[Saved data entries]
============

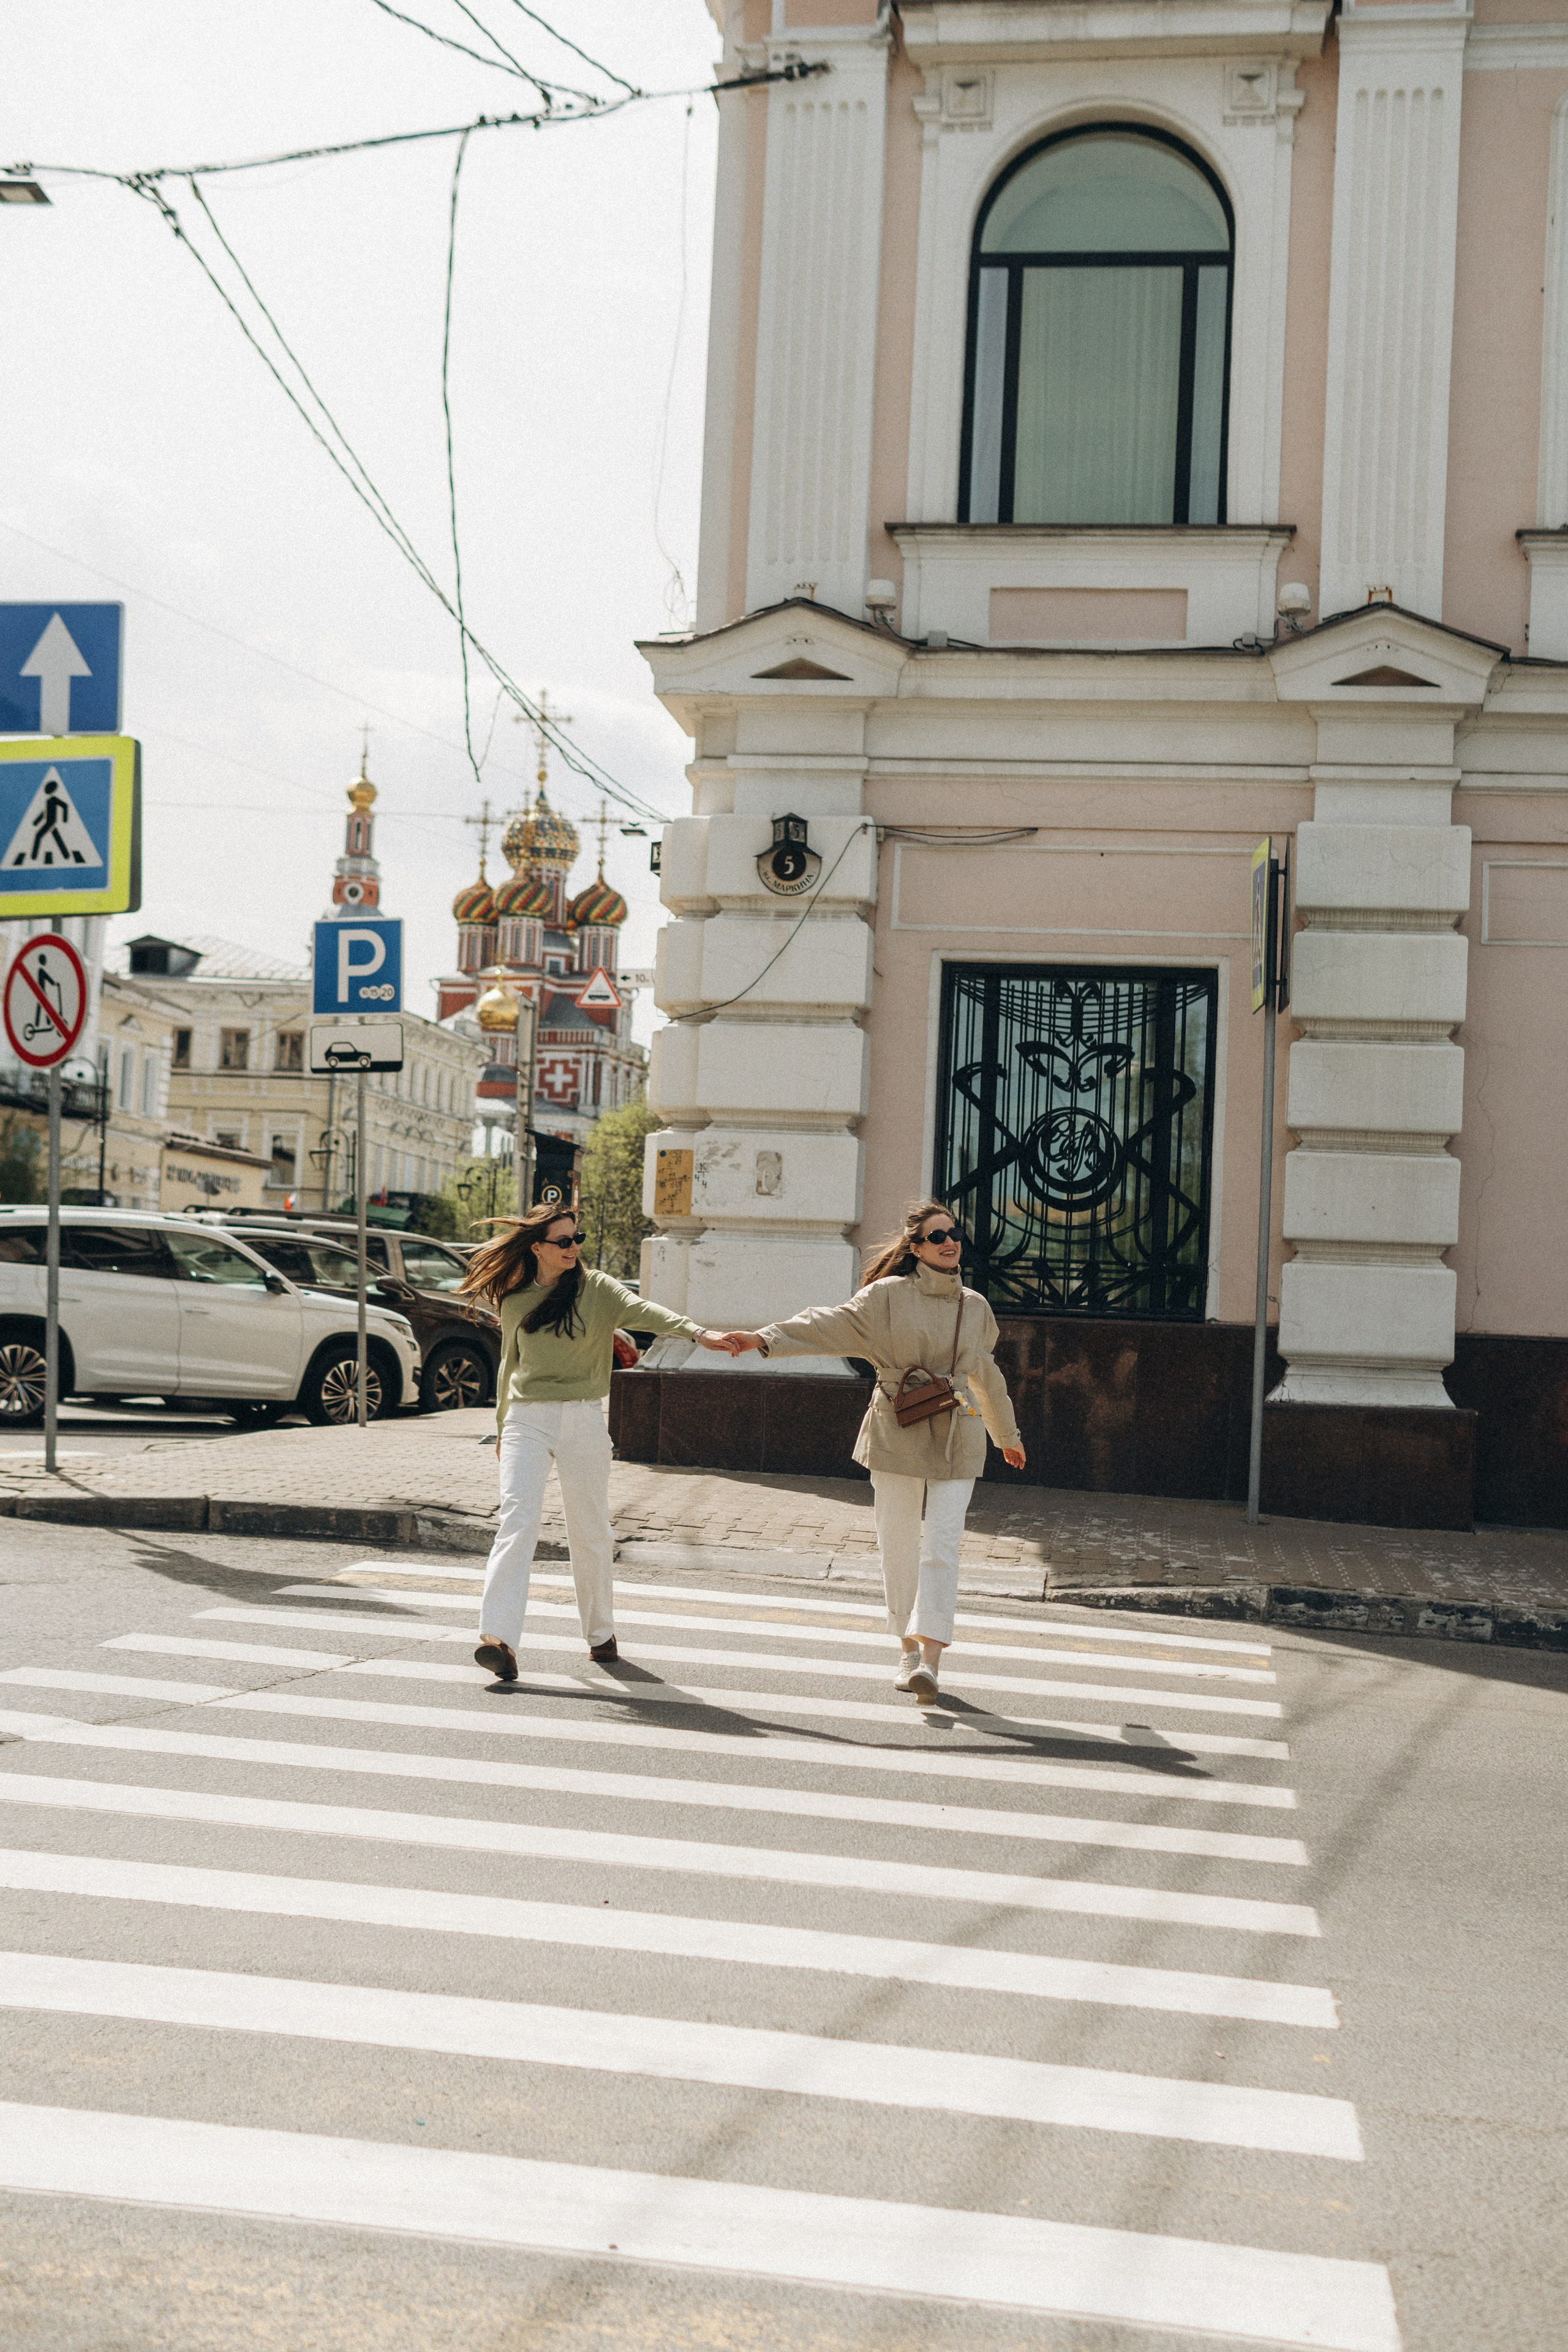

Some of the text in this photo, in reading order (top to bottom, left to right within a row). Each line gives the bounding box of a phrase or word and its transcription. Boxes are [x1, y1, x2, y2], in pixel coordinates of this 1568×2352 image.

[784, 855, 794, 875] 5
[772, 875, 813, 891] МАРКИНА
[338, 929, 386, 1002] P
[382, 988, 393, 997] 20
[548, 1190, 557, 1202] P

============

#### Task to carry out
Quote the preceding records in their entirety, excluding every picture.

#### Solution to this exercise
Some of the text in this photo, in reading order (top to bottom, left to right within a row). Each line gives the bounding box of a phrase or word and its transcription. Boxes are [x1, y1, x2, y2], in pixel coordinates of this 1568×2352 image.

[784, 855, 794, 875] 5
[772, 875, 813, 891] МАРКИНА
[338, 929, 386, 1002] P
[382, 988, 393, 997] 20
[548, 1190, 557, 1202] P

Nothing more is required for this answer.